Work instruction
Begin at the line with "this 1600×747 image." and set down each line exactly until the listing ends. Images stay out.

----- Provided material

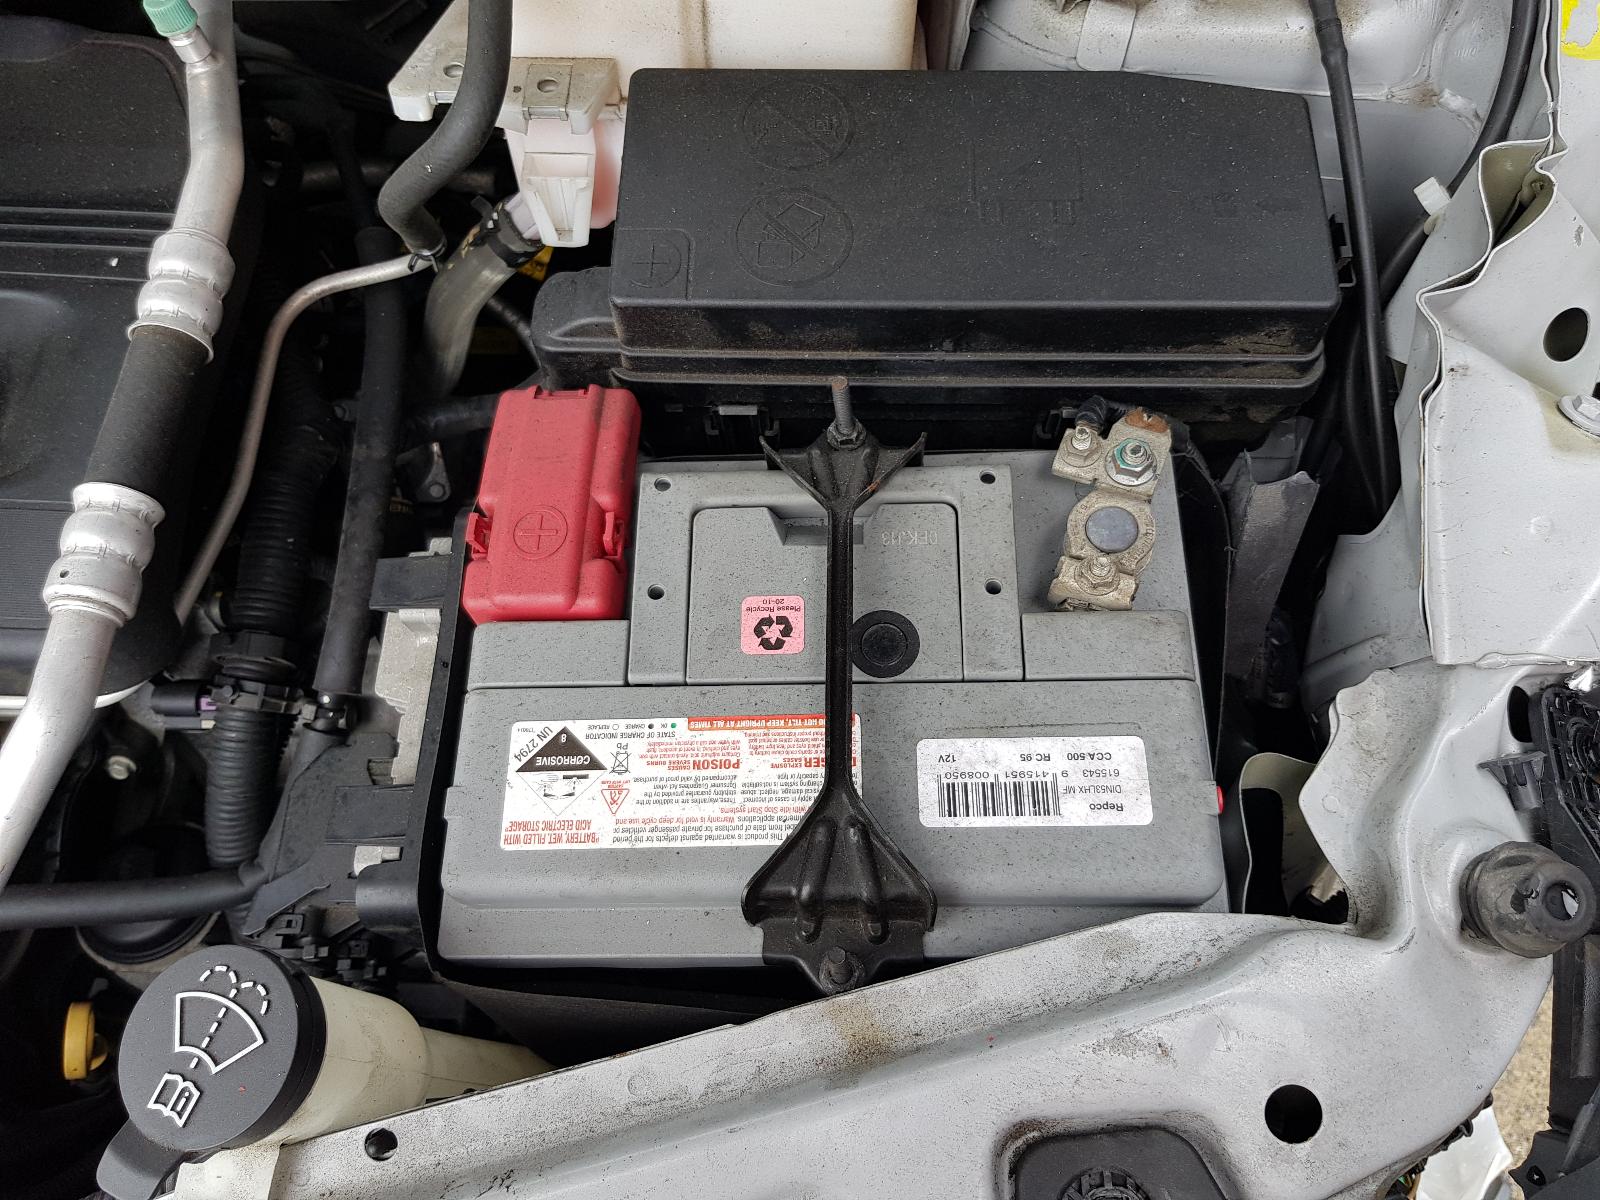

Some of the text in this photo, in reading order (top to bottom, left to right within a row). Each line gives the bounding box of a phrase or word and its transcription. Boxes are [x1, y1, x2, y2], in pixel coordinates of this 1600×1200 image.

[690, 721, 711, 729] TIMES
[736, 719, 765, 727] UPRIGHT
[561, 733, 567, 742] 8
[585, 732, 618, 740] INDICATOR
[647, 731, 655, 739] OF
[513, 725, 553, 763] UN 2794
[616, 742, 628, 750] Pb
[535, 755, 591, 765] CORROSIVE
[938, 754, 956, 763] 12V
[1020, 753, 1050, 762] RC 95
[1067, 752, 1112, 761] CCA 500
[692, 759, 740, 770] POISON
[944, 771, 989, 780] 008950
[1004, 771, 1049, 779] 415951
[1082, 768, 1119, 777] 615543
[1062, 784, 1121, 794] DIN53LHX MF
[719, 805, 746, 815] systems.
[748, 807, 762, 815] Start
[764, 806, 778, 814] Stop
[1089, 801, 1123, 812] Repco
[542, 820, 573, 831] ELECTRIC
[575, 820, 591, 830] ACID
[641, 817, 657, 825] cycle
[622, 827, 646, 835] vehicles
[648, 825, 680, 834] passenger
[682, 825, 702, 833] private
[715, 824, 743, 832] purchase
[504, 834, 521, 845] WITH
[523, 834, 546, 844] FILLED
[613, 834, 632, 844] period
[656, 834, 678, 843] defects
[680, 833, 702, 842] against
[744, 831, 769, 841] product
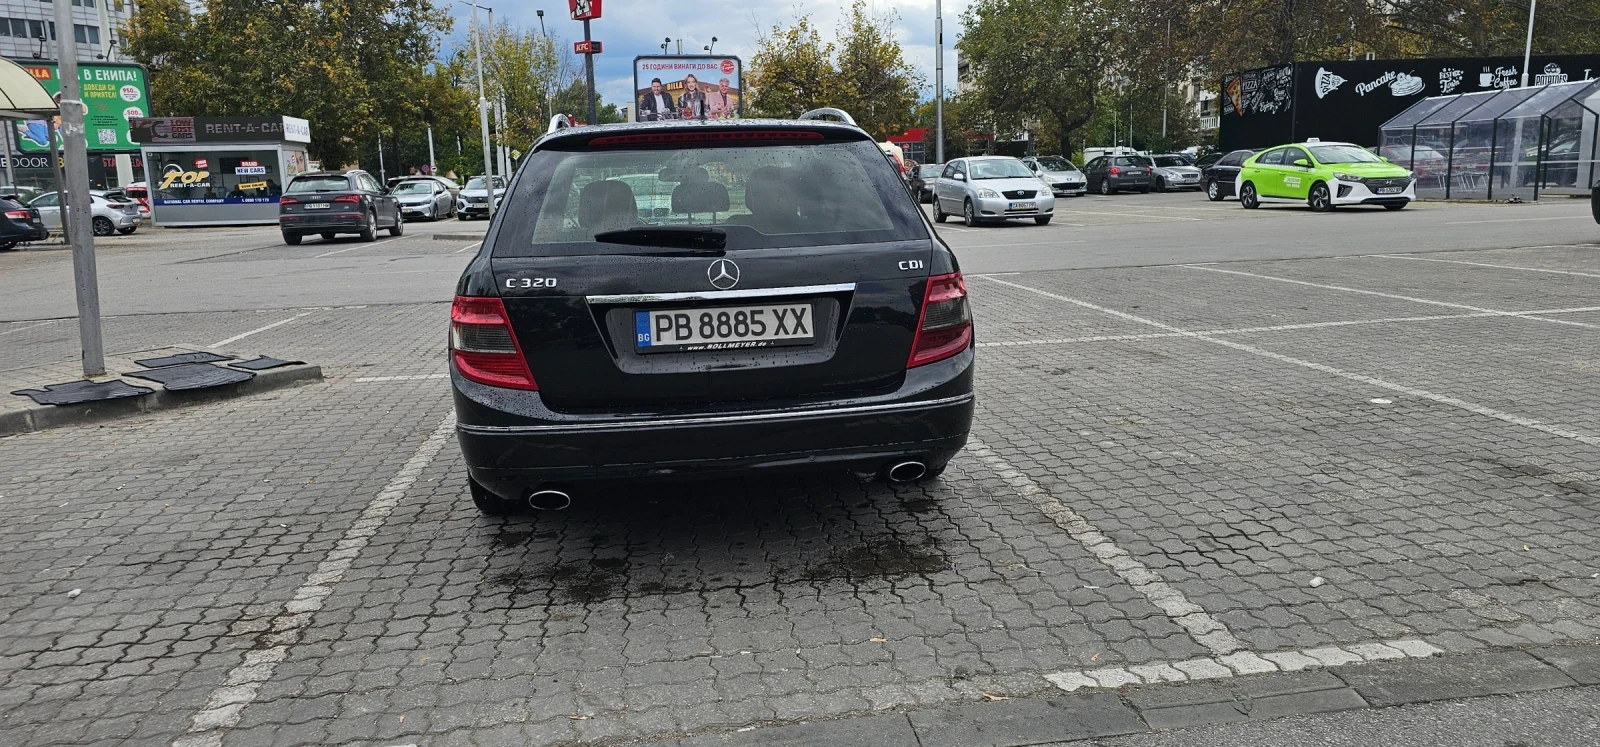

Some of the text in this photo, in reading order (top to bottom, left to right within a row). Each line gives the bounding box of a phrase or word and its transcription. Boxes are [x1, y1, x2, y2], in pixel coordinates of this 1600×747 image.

[576, 43, 588, 51] KFC
[84, 69, 92, 80] В
[95, 70, 138, 81] ЕКИПА!
[1495, 66, 1518, 77] Fresh
[667, 81, 683, 90] BILLA
[1355, 71, 1397, 96] Pancake
[1494, 76, 1518, 89] Coffee
[159, 171, 210, 190] TOP
[898, 260, 924, 270] CDI
[506, 278, 557, 288] C 320
[655, 307, 809, 342] PB 8885 XX
[637, 333, 650, 342] BG
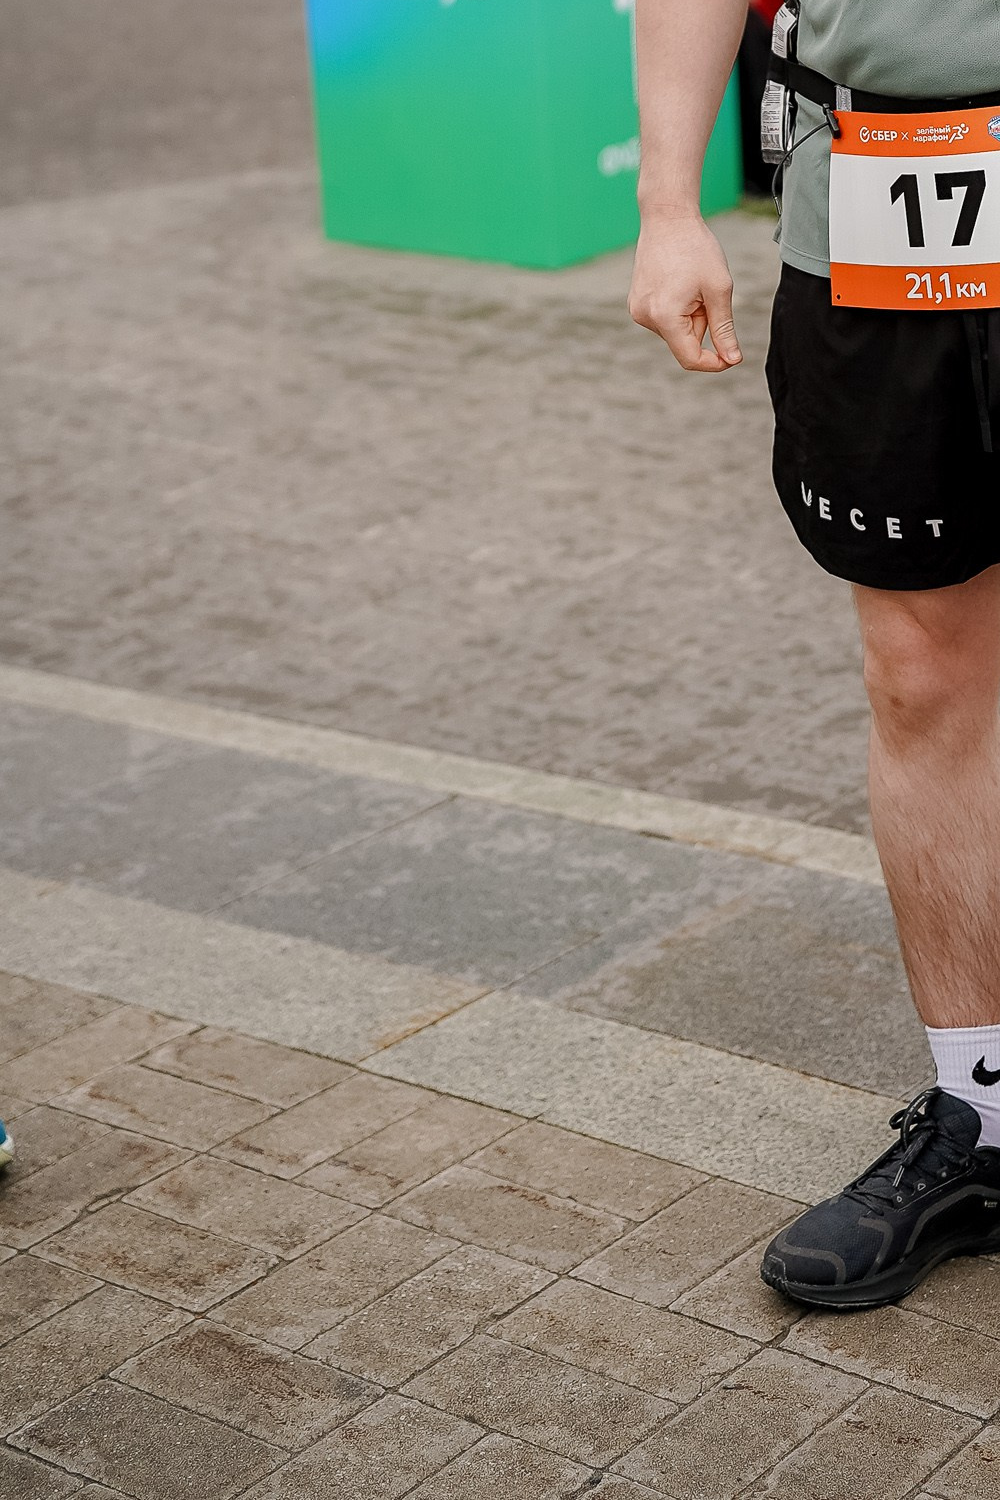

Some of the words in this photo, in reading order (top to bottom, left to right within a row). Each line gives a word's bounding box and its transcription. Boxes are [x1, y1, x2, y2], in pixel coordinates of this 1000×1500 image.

----------

Answer box
Some of the text in this photo, in reading order (top to bottom, left to right within a row). Each line gives the bounding box of a phrase or word and its transcription. Boxes are [x1, y1, x2, y2], in pixel coordinates of this 1600×747 image.

[576, 43, 588, 51] KFC
[84, 69, 92, 80] В
[95, 70, 138, 81] ЕКИПА!
[1495, 66, 1518, 77] Fresh
[667, 81, 683, 90] BILLA
[1355, 71, 1397, 96] Pancake
[1494, 76, 1518, 89] Coffee
[159, 171, 210, 190] TOP
[898, 260, 924, 270] CDI
[506, 278, 557, 288] C 320
[655, 307, 809, 342] PB 8885 XX
[637, 333, 650, 342] BG

Some of the words in this photo, in reading order (top to bottom, left to right within a row). Each line gives a word's bounding box and its transcription. Boxes are [x1, y1, x2, y2], in pixel coordinates of this 1000×1500 image.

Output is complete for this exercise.